Emergency Department Care

The first priority in treatment is to ensure complete removal of the offending agent. Thorough decontamination is key. Adequate irrigation is difficult to define and depends on the amount of exposure and the agent involved. Using litmus paper to measure the pH of the affected area or the irrigating solution is helpful. Complete removal and neutralization of concentrated acids and alkalis may require several hours of irrigation. Tap water is adequate for irrigation. Low-pressure irrigation is desired; high pressures may exacerbate the tissue injury.^7,8,9,10

• If a question of airway compromise exists, secure the airway.
• Large surface burns require the same fluid therapy as that for thermal burns. See Burns, Thermal.
• After initial decontamination, the full extent of the injury must be ascertained and the patient must be treated as a typical burn patient. Based on the degree of injury, ensure adequate fluid resuscitation and take precautions to prevent complications (eg, hypothermia, infection, rhabdomyolysis).
• Special situations
  • Elemental metals: The elemental forms of lithium, potassium, sodium, and magnesium react with water. If these metals are thought to be on the skin of a patient, do not irrigate with water.
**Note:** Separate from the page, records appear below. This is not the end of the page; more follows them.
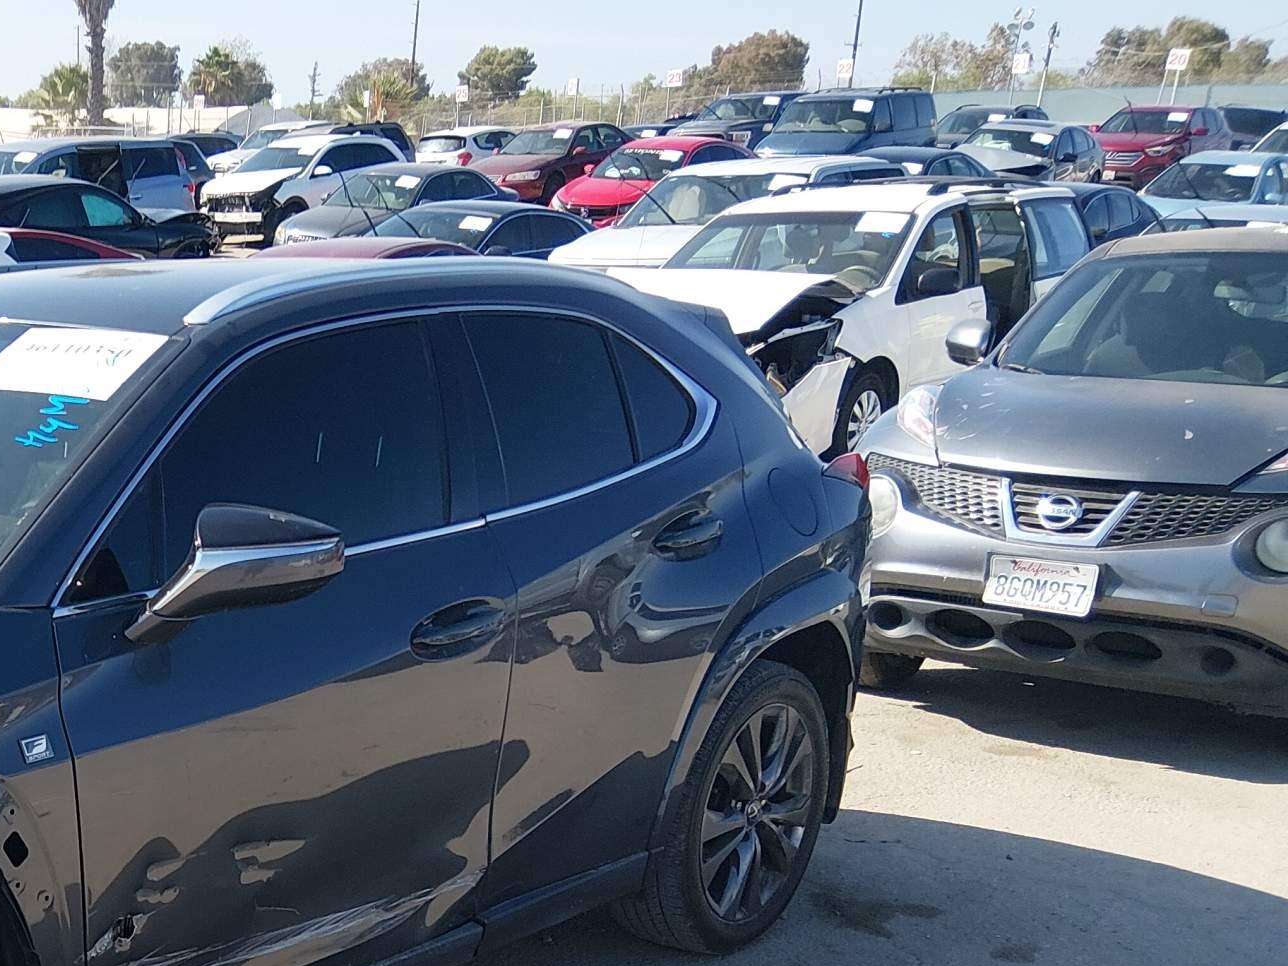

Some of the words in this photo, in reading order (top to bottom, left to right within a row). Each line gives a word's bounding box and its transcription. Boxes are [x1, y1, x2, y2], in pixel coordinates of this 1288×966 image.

[1169, 53, 1186, 65] 20
[838, 63, 852, 74] 22
[1013, 560, 1071, 577] California
[994, 574, 1088, 607] 8GQM957
[28, 751, 50, 761] SPORT
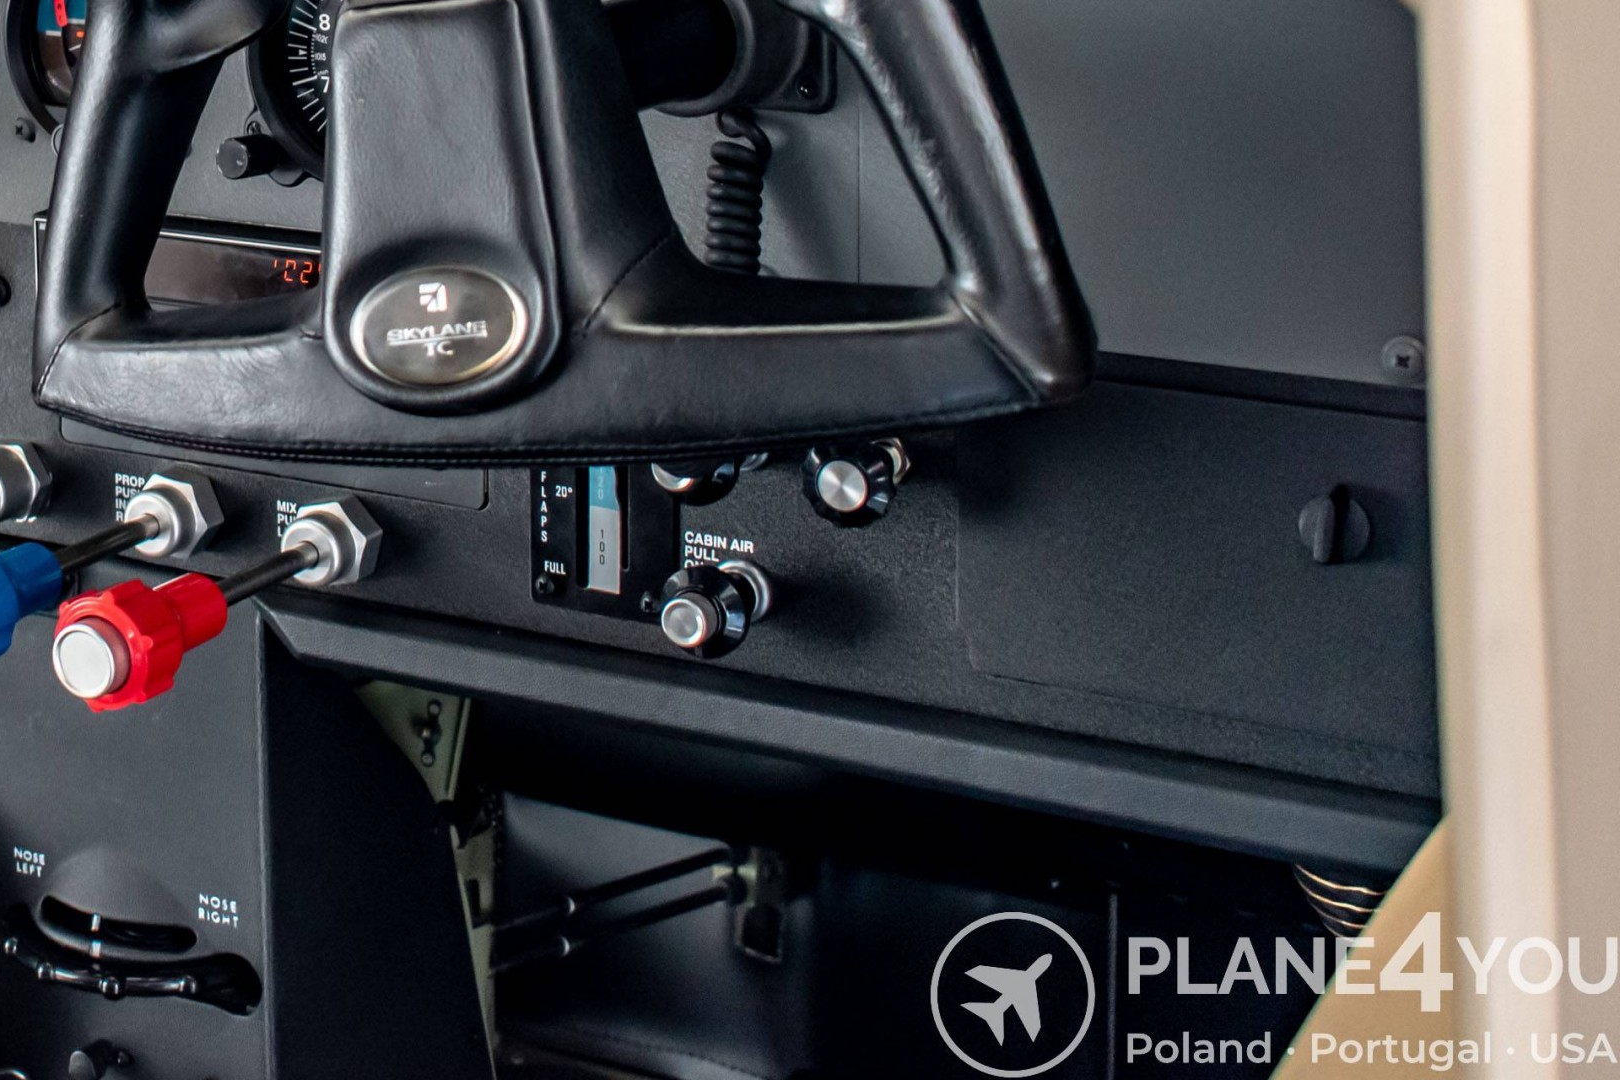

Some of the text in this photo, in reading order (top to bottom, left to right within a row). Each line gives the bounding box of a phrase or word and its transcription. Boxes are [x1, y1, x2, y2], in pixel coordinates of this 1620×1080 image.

[319, 13, 331, 31] 8
[386, 320, 487, 341] SKYLANE
[424, 340, 454, 357] TC
[115, 472, 145, 488] PROP
[555, 485, 573, 498] 20°
[277, 499, 297, 515] MIX
[540, 471, 548, 543] FLAPS
[684, 531, 754, 554] CABIN AIR
[684, 544, 720, 562] PULL
[544, 560, 566, 575] FULL
[14, 846, 45, 866] NOSE
[16, 862, 42, 878] LEFT
[198, 893, 237, 914] NOSE
[198, 908, 239, 928] RIGHT
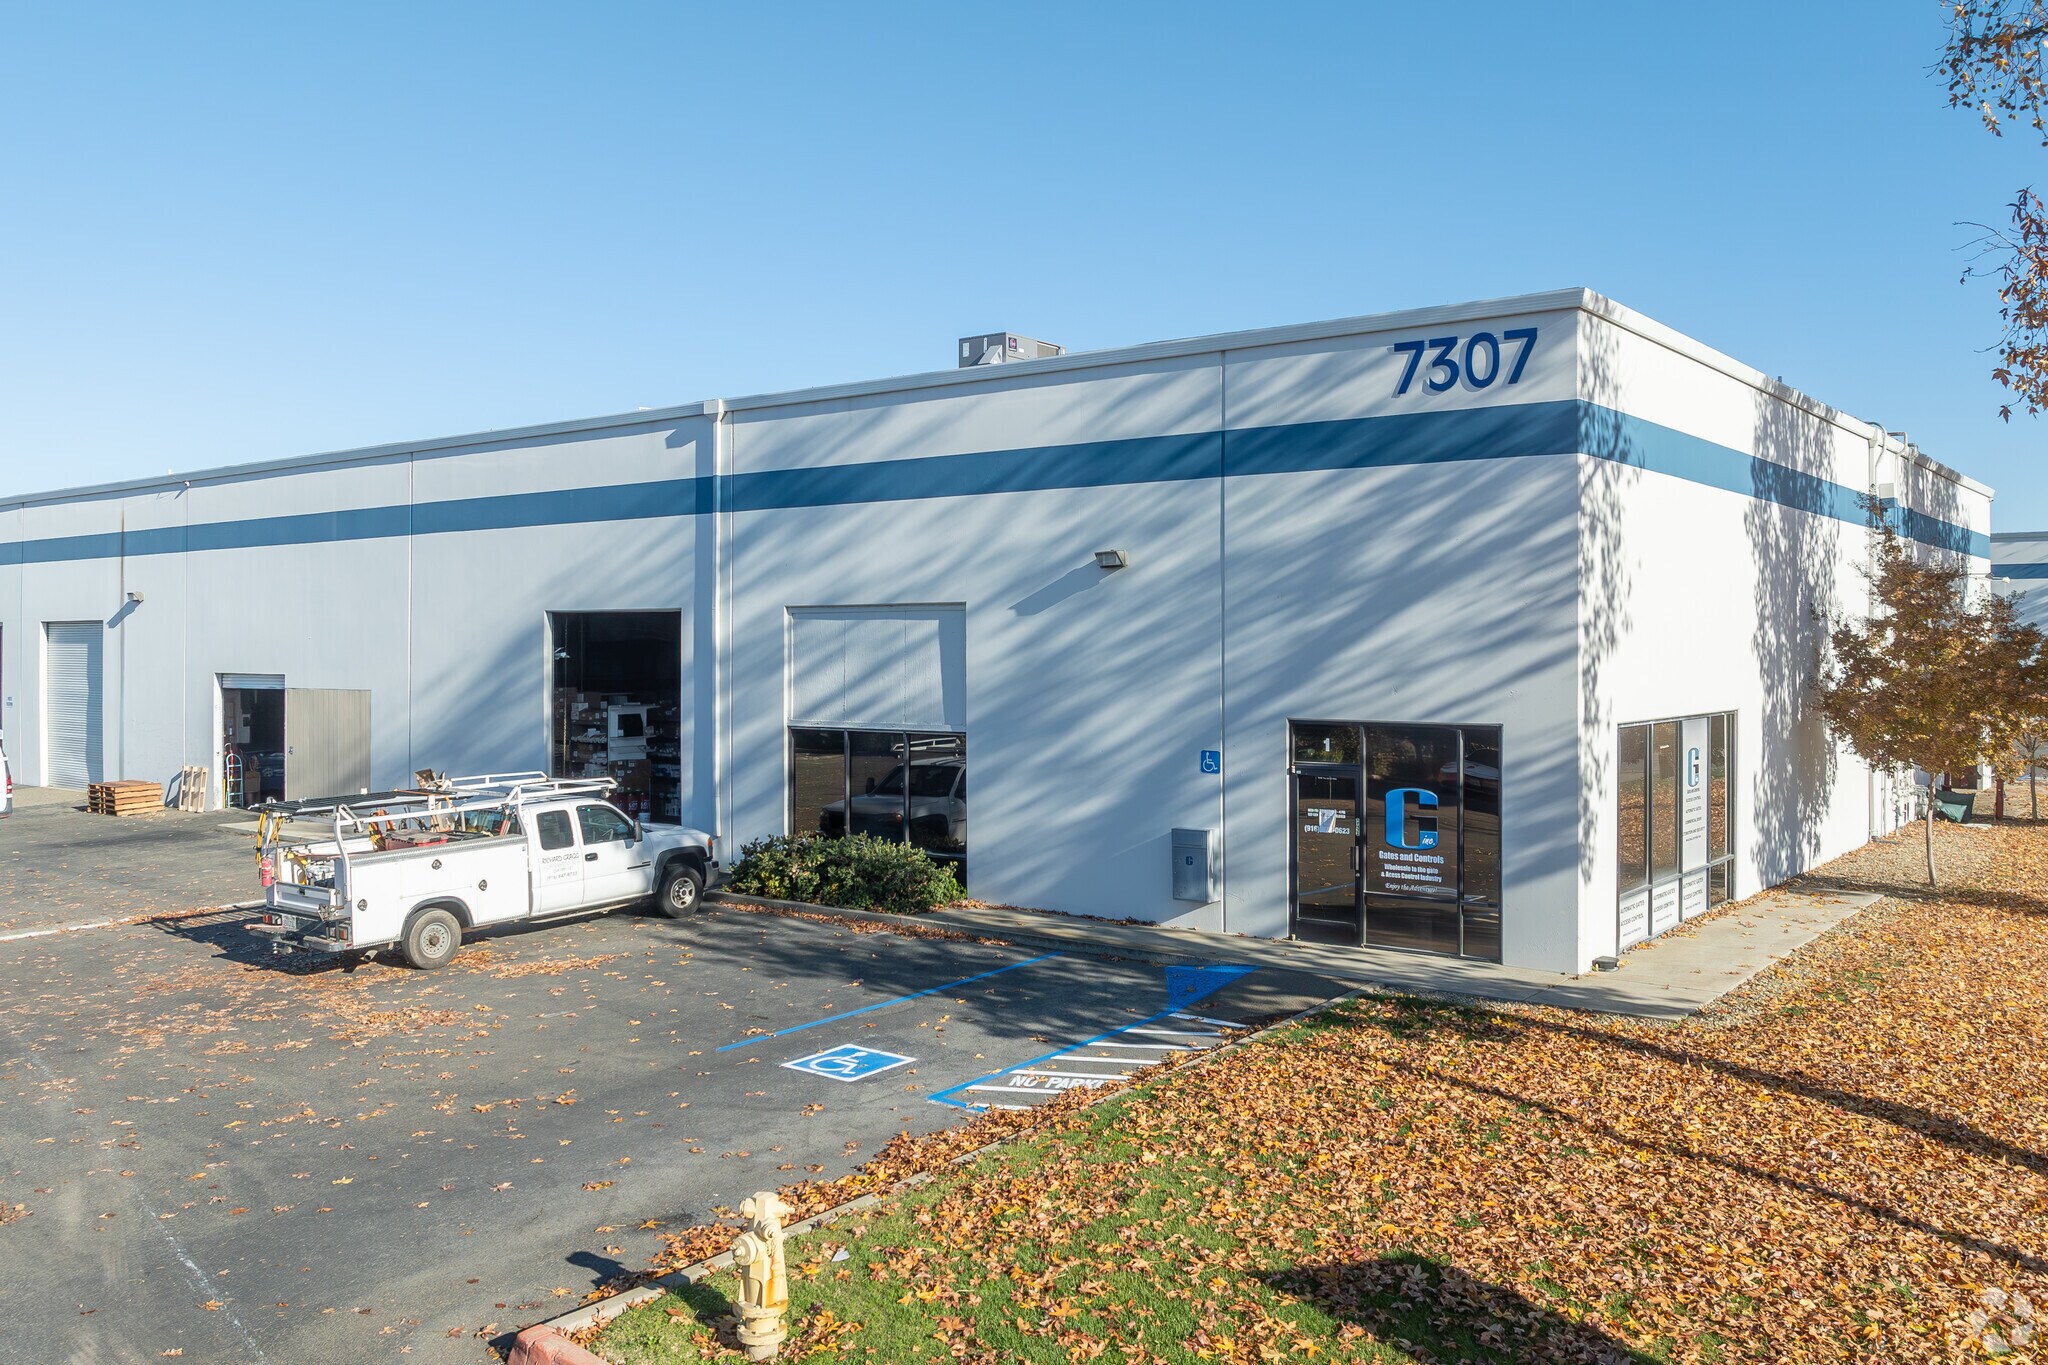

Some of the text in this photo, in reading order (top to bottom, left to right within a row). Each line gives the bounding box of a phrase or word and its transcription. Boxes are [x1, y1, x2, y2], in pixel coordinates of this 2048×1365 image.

[1393, 327, 1538, 395] 7307
[1323, 737, 1330, 752] 1
[1378, 850, 1445, 864] Gates and Controls
[1383, 863, 1412, 872] Wholesale
[1417, 865, 1427, 873] the
[1401, 872, 1420, 881] Control
[1420, 874, 1443, 883] Industry
[1008, 1075, 1040, 1087] NO
The metallic pieces should be removed manually with forceps and placed in a container of mineral oil.
  • White phosphorus: Keep the area immersed in water and manually remove any phosphorus particles seen. Visualization under a Wood lamp may aid in detection and removal of retained phosphorus particles.²
  • Phenol: Polyethylene glycol 300 or 400 and isopropyl alcohol have been recommended for the removal of phenols and cresols. If skin damage has already occurred, isopropyl alcohol may be very irritating. Polyethylene glycol should be diluted with water to form a 50:50 ratio prior to using. One study showed polyethylene glycol no more efficacious than copious water irrigation for phenol exposures.¹¹
  • Vesicants: See CBRNE – Vesicants, Mustard: Hd, Hn1-3, H and CBRNE – Vesicants, Organic Arsenicals: L, ED, MD, PD, HL for emergency department care.
  • Hydrofluoric acid burns
    • These burns require special consideration. They should initially be treated as any other burn, with thorough irrigation. However, due to the penetrating power of the fluoride ion, specific neutralization procedures are indicated. Fluoride can be neutralized by either calcium or magnesium. For small superficial burns, topical calcium or magnesium gels can be applied. Deeper burns usually require subcutaneous injections of calcium gluconate. Hand burns can be difficult to manage; these burns can be treated with subcutaneous injections of calcium, intra-arterial calcium infusions, or intravenous infusions of magnesium. Keeping the hand warm and adequately treating pain will help to increase local circulation and the body's natural supply of calcium and magnesium.¹²
    • No objective comparative studies on these different treatments are underway. Studies on animals demonstrated that intravenous magnesium is as effective or more effective than subcutaneous injections of calcium in treating local hydrofluoric acid burns. When local treatment of hydrofluoric acid burns is not possible, this treatment is safe and should be considered.¹³
  • Ocular exposures
    • The goal for decontamination should be to achieve a pH (of the eye wash) of at least 7.2, preferably 7.4.
    • If pH paper is not available, an adequate guideline is decontamination with 1-2 L of irrigation fluid over 30-60 minutes. A Morgan lens is contaminated with recommended for irrigation. Use a topical anesthetic prior to use.
  • Caustic ingestions
    • Gastric emptying is contraindicated. Activated charcoal is not useful and may interfere with subsequent endoscopy. Dilution with milk or water is contraindicated if any degree of airway compromise is present. Milk may interfere with subsequent endoscopy. Water is benign. Some substances, such as drain cleaners containing sulfuric acid or sodium hydroxide, generate heat when diluted with water. Local areas of heat generation can be minimized by diluting with a moderate quantity of fluid (250-500 mL).^14,15,16
    • Do not attempt to neutralize the caustic agent. Neutralizing the caustic agent may generate excessive heat from the exothermic reaction of neutralization.

Consultations

• For severe dermal burns, consult a general surgeon or a burn service. Burns to the hands, face, or perineum may require the appropriate specialties.
• Ophthalmologic consultation is recommended for patients with ocular burns from acids or bases if there is any significant degree of corneal or scleral injury.
• Caustic ingestions may require multiple specialties, including gastroenterology, GI surgery, ENT, and pediatric surgery for children.
• Consult a psychiatrist for cases of attempted suicide.

Medication

Medications have a limited role in the treatment of most chemical burns. Topical antibiotic therapy is usually recommended for dermal and ocular burns. Calcium or magnesium salts are used for hydrofluoric acid burns. Pain medications are important for subsequent burn care.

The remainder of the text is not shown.